Options for ValidationSet accuracy from NetTrain?

I think for the ValidationSet -> Scaled[.1] the validation will be sampled with randomly from the training data. If we want to control the sample ourselves, we can split them manually and supply it as ValidationSet -> testData.

We can use the TrainingProgressFunction function to get more information about the validation accuracy, and abort the training after a certain goal is achieved.

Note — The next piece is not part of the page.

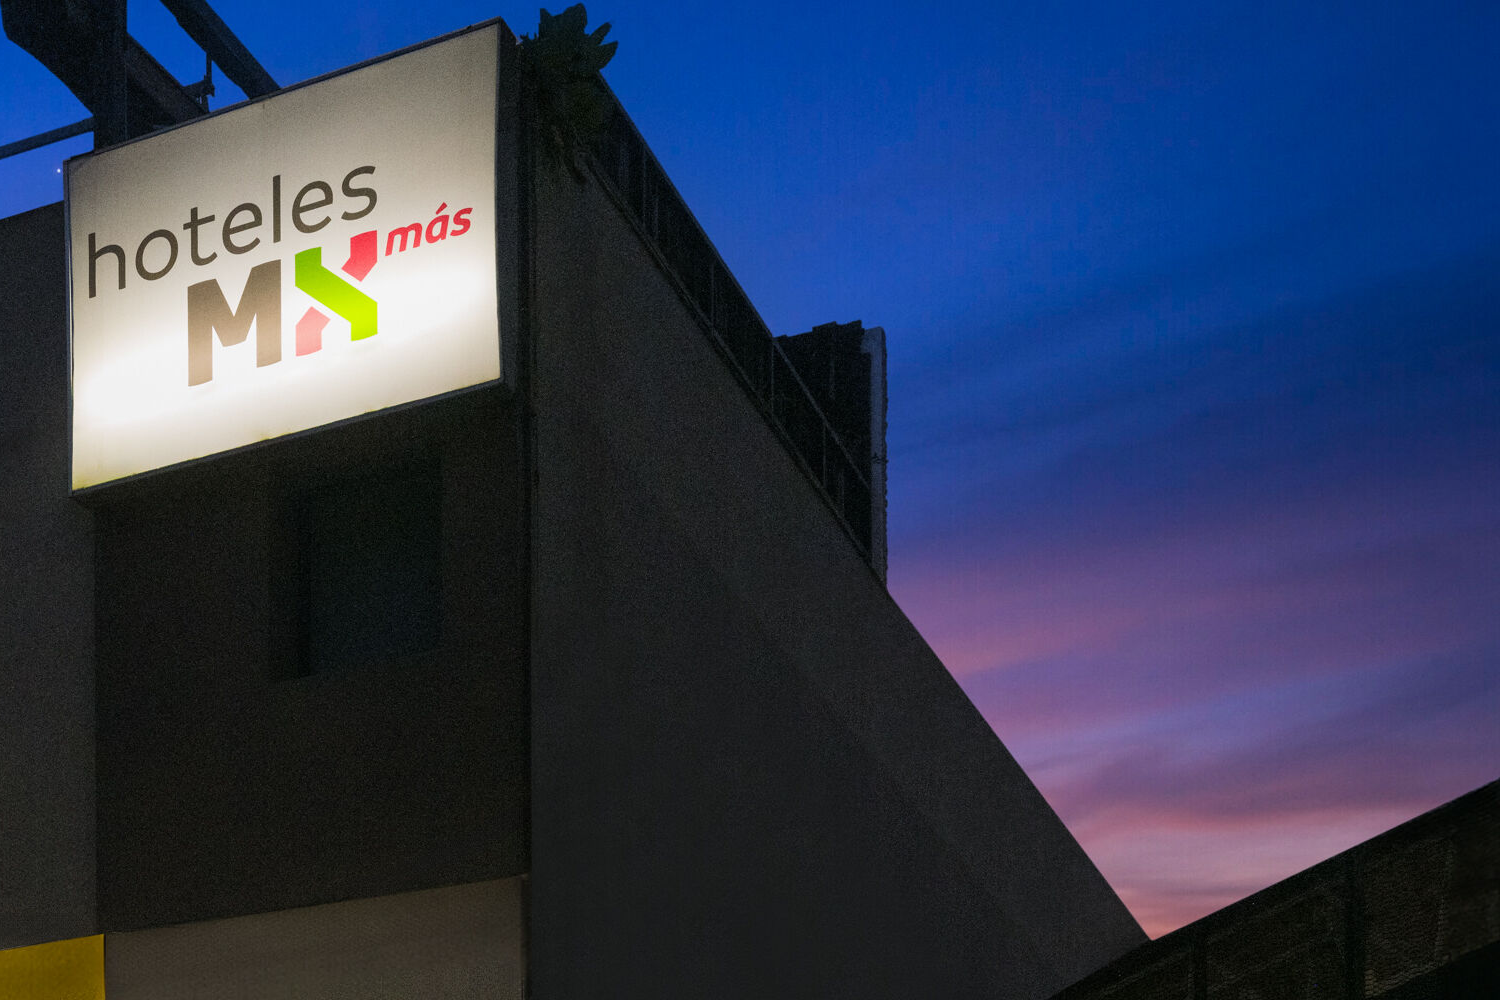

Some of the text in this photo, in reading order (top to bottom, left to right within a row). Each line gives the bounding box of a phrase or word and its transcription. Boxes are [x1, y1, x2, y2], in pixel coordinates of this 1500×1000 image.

[88, 165, 378, 299] hoteles
[187, 202, 473, 387] MX más

For example, this will stop the training process once the validation loss is smaller than 0.1:

resource = ResourceObject["MNIST"];
trainingData = 
  RandomSample[ResourceData[resource, "TrainingData"], 6000];
testData = RandomSample[ResourceData[resource, "TestData"], 1000];
lenet = NetChain[{
    ConvolutionLayer[20, 5], Ramp, PoolingLayer[2, 2],
    ConvolutionLayer[50, 5], Ramp, PoolingLayer[2, 2],
    FlattenLayer[], 500, Ramp, 10, SoftmaxLayer[]},
   "Output" -> NetDecoder[{"Class", Range[0, 9]}],
   "Input" -> NetEncoder[{"Image", {28, 28}, "Grayscale"}]
   ];

loss = {};
trained = 
 NetTrain[lenet, trainingData, ValidationSet -> testData, 
  MaxTrainingRounds -> 20, 
  TrainingProgressFunction -> {AppendTo[loss, #ValidationLoss]; 
     If[#ValidationLoss < 0.1, Abort[]]; &, 
    "Interval" -> Quantity[1, "Rounds"]}]

loss
(* {None, 0.474543, 0.290683, 0.174869, 0.146322, 0.110496, 0.109694, 0.0923467} *)

I'll add to our ToDo list the idea of having the validation indices be available as a property of NetTrain.